What you should do - Write out the entries verbatim and leave the images out of the copy.

Data for this exercise -
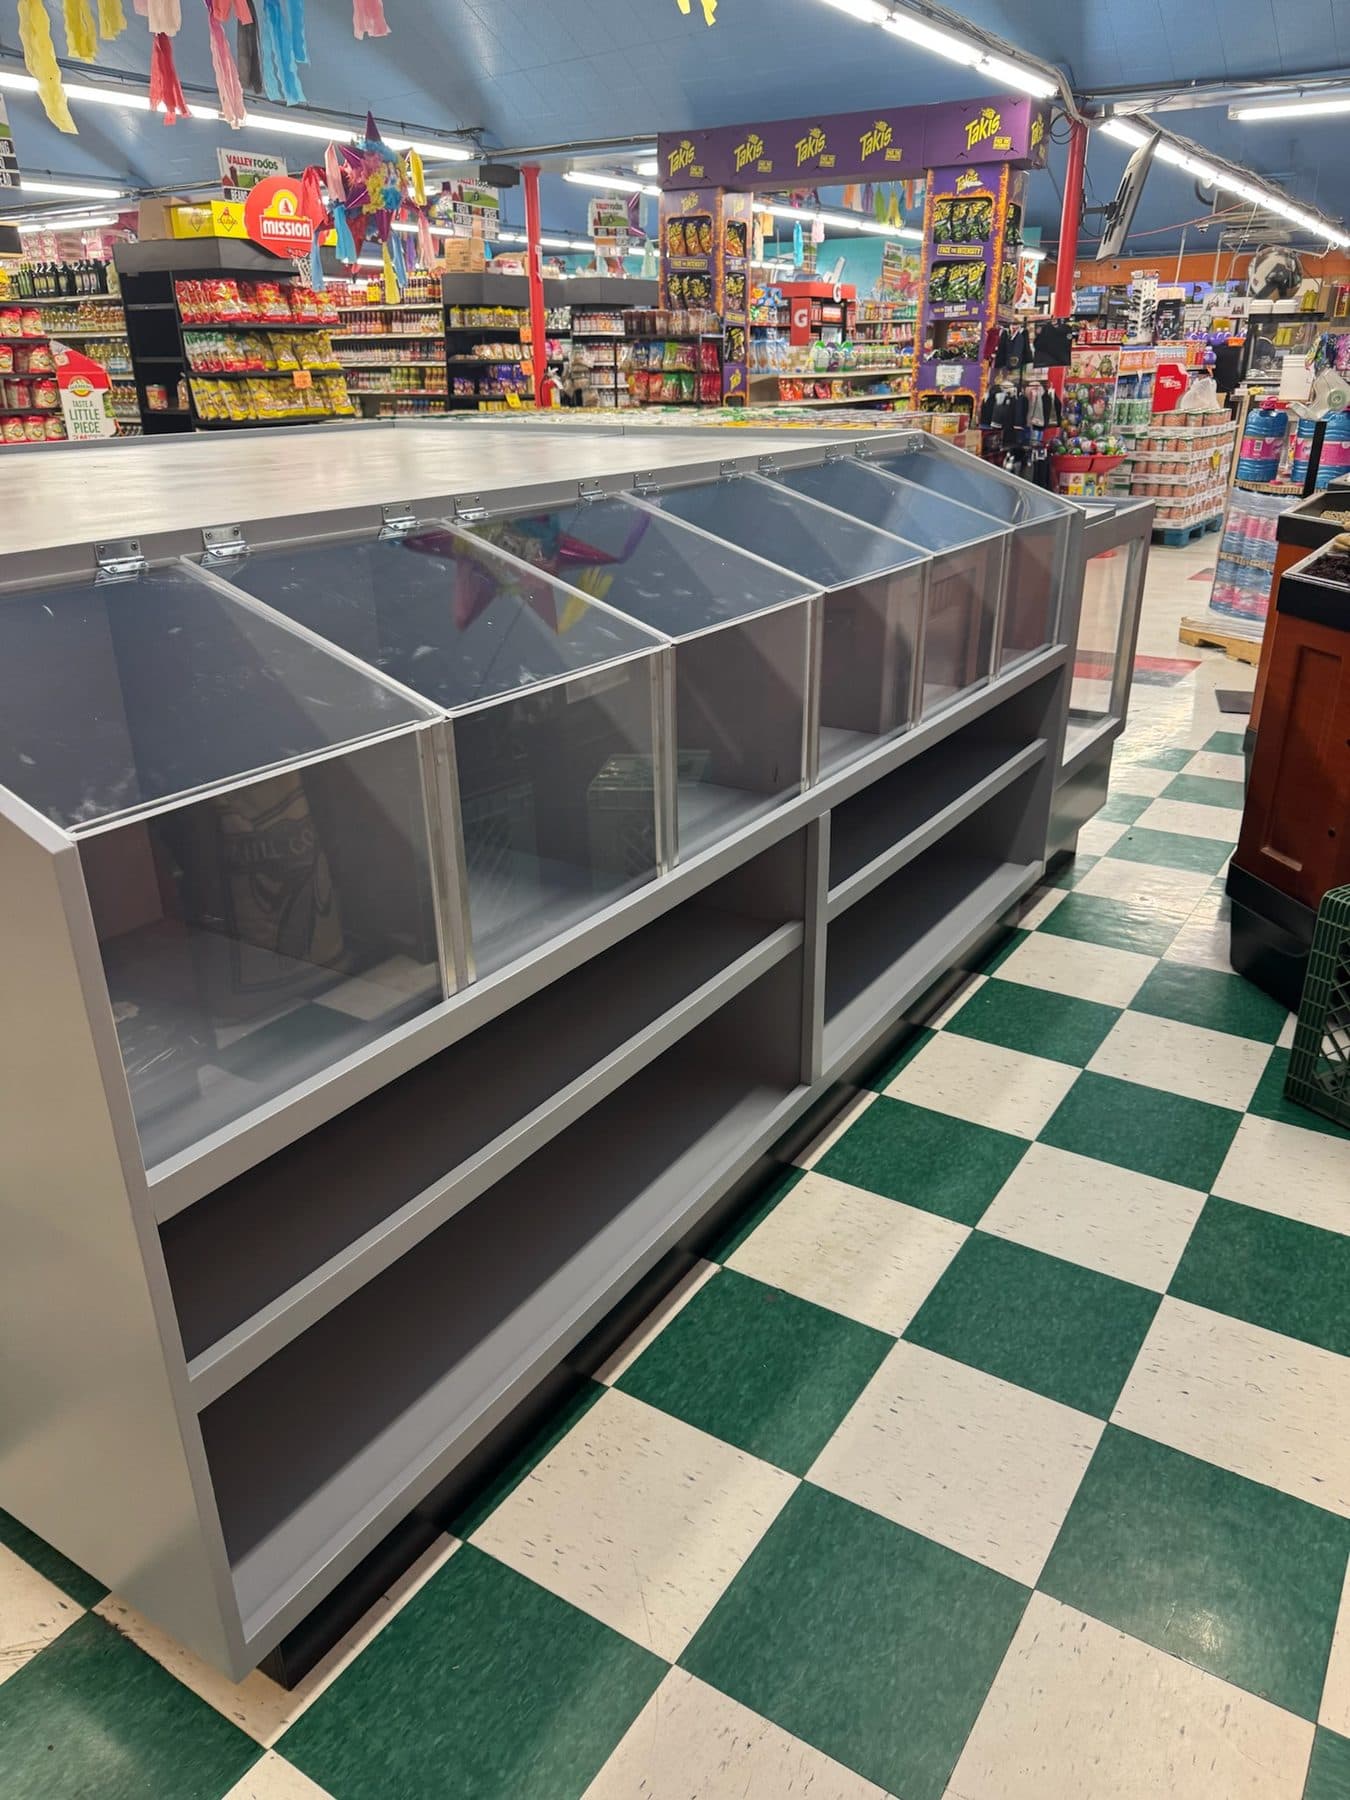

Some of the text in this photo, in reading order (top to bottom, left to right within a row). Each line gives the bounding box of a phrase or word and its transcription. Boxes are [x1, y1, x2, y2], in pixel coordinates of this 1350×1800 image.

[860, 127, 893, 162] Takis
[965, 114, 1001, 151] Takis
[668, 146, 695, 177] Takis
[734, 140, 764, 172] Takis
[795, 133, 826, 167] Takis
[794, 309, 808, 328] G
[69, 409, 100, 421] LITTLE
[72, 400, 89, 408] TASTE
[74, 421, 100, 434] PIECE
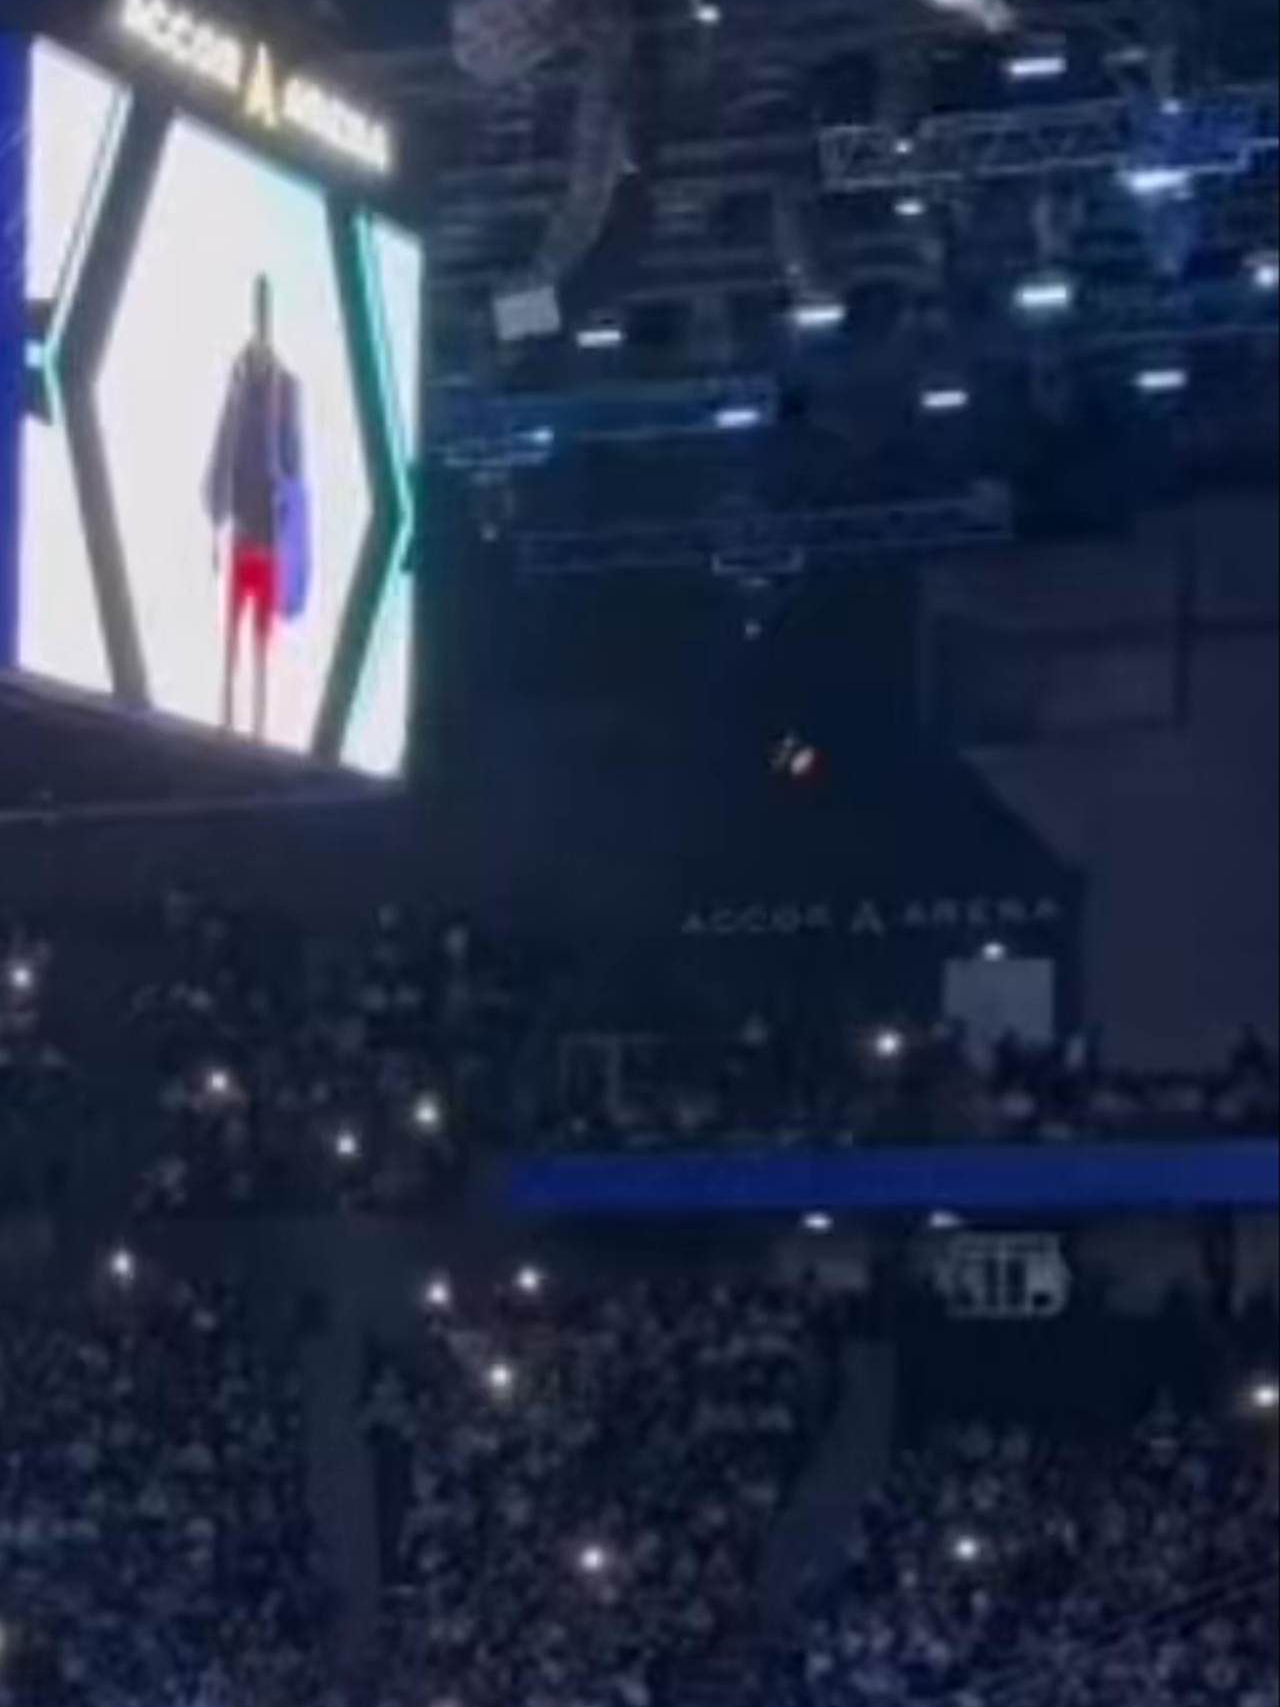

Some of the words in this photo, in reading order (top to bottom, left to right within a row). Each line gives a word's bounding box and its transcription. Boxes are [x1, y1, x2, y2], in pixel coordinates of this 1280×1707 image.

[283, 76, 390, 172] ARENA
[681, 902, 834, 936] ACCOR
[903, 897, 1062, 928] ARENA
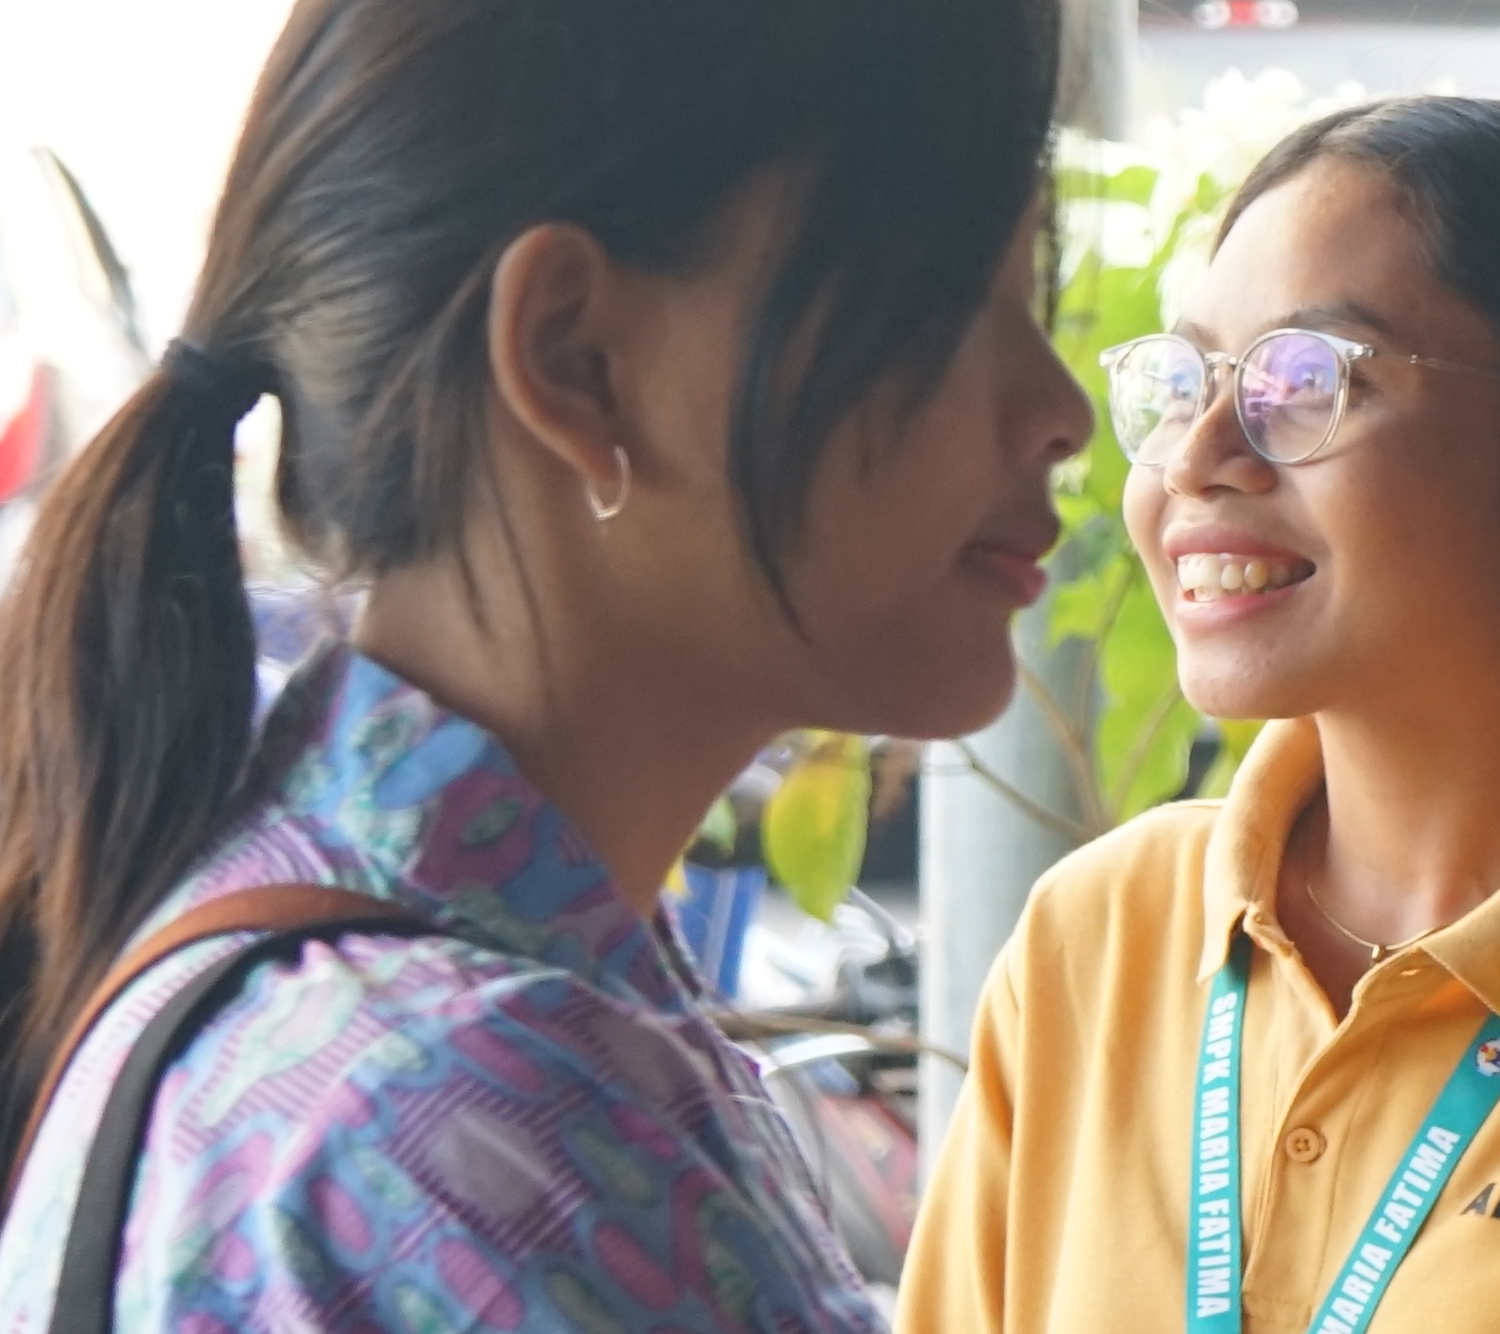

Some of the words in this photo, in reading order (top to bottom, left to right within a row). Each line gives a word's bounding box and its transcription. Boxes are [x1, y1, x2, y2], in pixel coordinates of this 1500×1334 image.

Result -
Some of the text in this photo, in reading order (top to bottom, left to right within a row). Each line gives the bounding box of a phrase or word and its transcription. Boxes are [x1, y1, x2, y2], in pixel coordinates of this 1350×1800 image.

[860, 127, 893, 162] Takis
[965, 114, 1001, 151] Takis
[668, 146, 695, 177] Takis
[734, 140, 764, 172] Takis
[795, 133, 826, 167] Takis
[794, 309, 808, 328] G
[69, 409, 100, 421] LITTLE
[72, 400, 89, 408] TASTE
[74, 421, 100, 434] PIECE

Some of the words in this photo, in reading order (top to bottom, left to right within a row). Each line gives a word's bounding box and its transcription. Boxes are [x1, y1, x2, y2], in pixel coordinates of this 1280×1707 image.

[283, 76, 390, 172] ARENA
[681, 902, 834, 936] ACCOR
[903, 897, 1062, 928] ARENA

Some of the words in this photo, in reading order (top to bottom, left to right within a row). Each line gives a word's bounding box and its transcription. Boxes are [x1, y1, x2, y2], in pixel coordinates of this 1500×1334 image.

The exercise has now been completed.